Security researchers have identified a vulnerability in the iCloud Private Relay for iOS 15 that would let third parties circumvent protections and obtain the IP address.
Tracking users across multiple online domains is a sticky privacy problem because it takes many forms. Websites and companies are interested in tracking users, building shadow profiles, targeting them with ads, and more.
Some browsers and other services have tried to mitigate this problem with Do Not Track features, but they don’t always work. And new ways to track users are constantly developed, compounding the problem. Apple, trying to deal with this issue, launched a new service named iCloud Private Relay. Basically, they parse network requests from DNS and other services, hiding the actual IP of their users.

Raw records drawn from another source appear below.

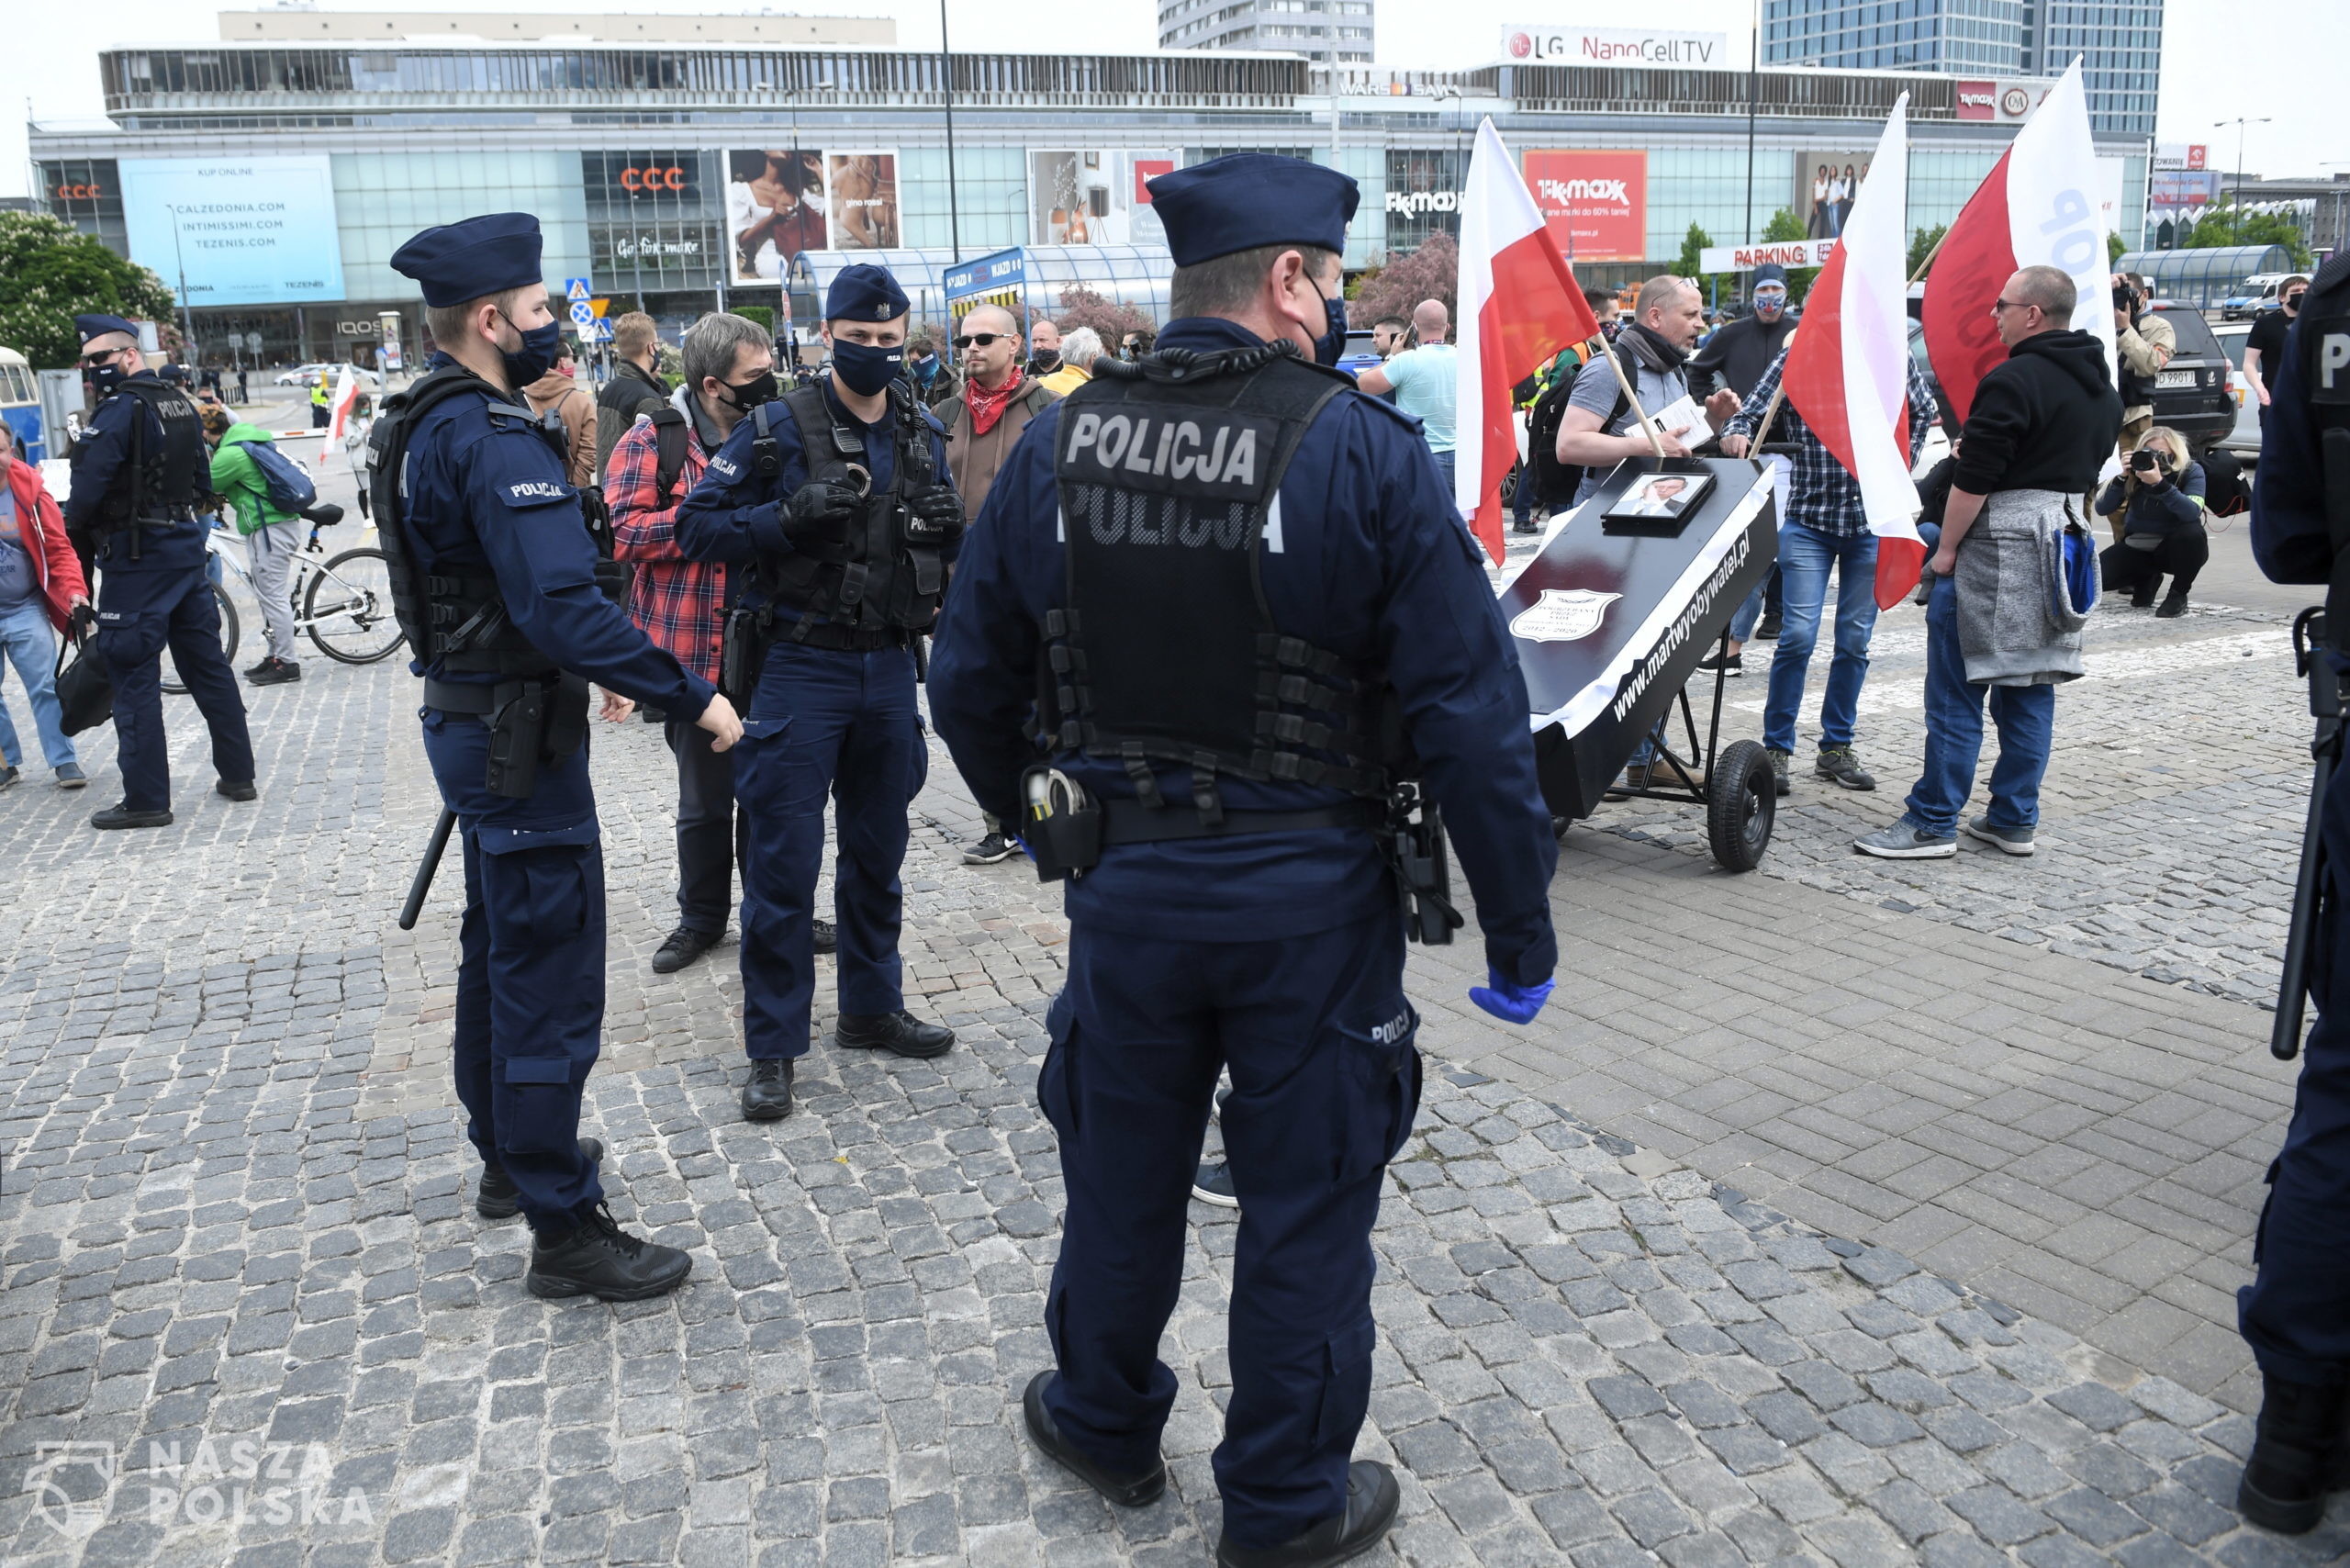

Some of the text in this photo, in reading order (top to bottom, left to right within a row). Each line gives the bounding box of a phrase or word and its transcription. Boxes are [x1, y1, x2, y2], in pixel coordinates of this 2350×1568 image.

[1338, 83, 1391, 96] WARS
[197, 167, 253, 177] KUP ONLINE
[620, 167, 686, 191] CCC
[58, 184, 103, 198] CCC
[176, 202, 285, 215] CALZEDONIA.COM
[845, 197, 883, 208] gino rossi
[183, 219, 284, 231] INTIMISSIMI.COM
[196, 238, 276, 249] TEZENIS.COM
[1734, 245, 1805, 267] PARKING
[285, 280, 324, 289] TEZENIS
[336, 321, 382, 336] IQOS
[1066, 413, 1257, 485] POLICJA
[509, 482, 566, 498] POLICJA
[1613, 529, 1751, 723] www.martwyobywatel.pl

“It ensures that the traffic leaving your device is encrypted so no one can intercept and read it,” says Apple. “Then all your requests are sent through two separate internet relays. It’s designed so that no one — including Apple — can use your IP address, location, and browsing activity to create a detailed profile about you.”

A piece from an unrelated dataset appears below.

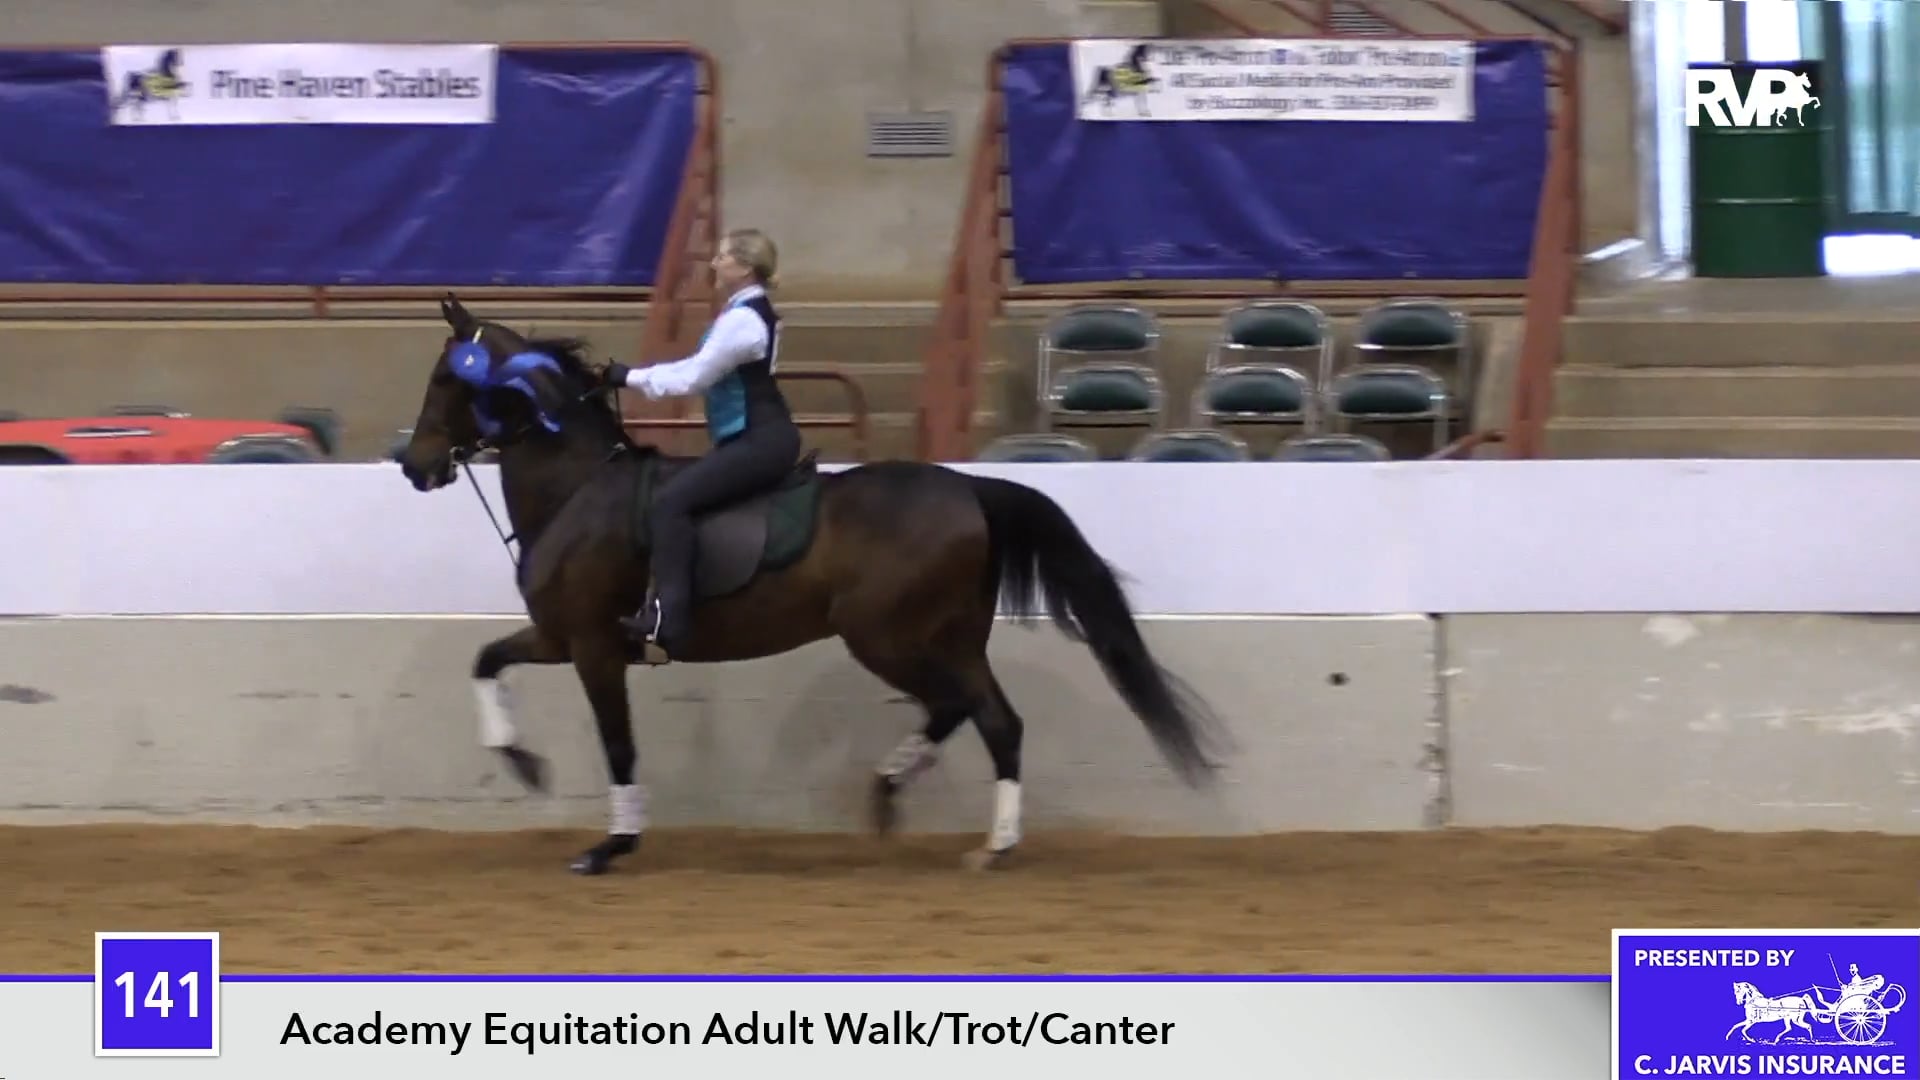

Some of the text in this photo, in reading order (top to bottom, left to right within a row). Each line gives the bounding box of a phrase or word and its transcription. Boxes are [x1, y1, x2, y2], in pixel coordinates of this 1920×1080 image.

[210, 68, 481, 99] Pine Haven Stables

Security researchers from FingerprintJS discovered that things don’t follow this pattern. Finding out the user’s actual IP address is not all that difficult, they say.
The vulnerability is only present in the iOS 15 stable build. Apple patched this issue in the macOS Monterey Beta released last week. Please keep in mind that iCloud Private Relay is part of the iCloud+ subscription, so it’s not available by default to everyone.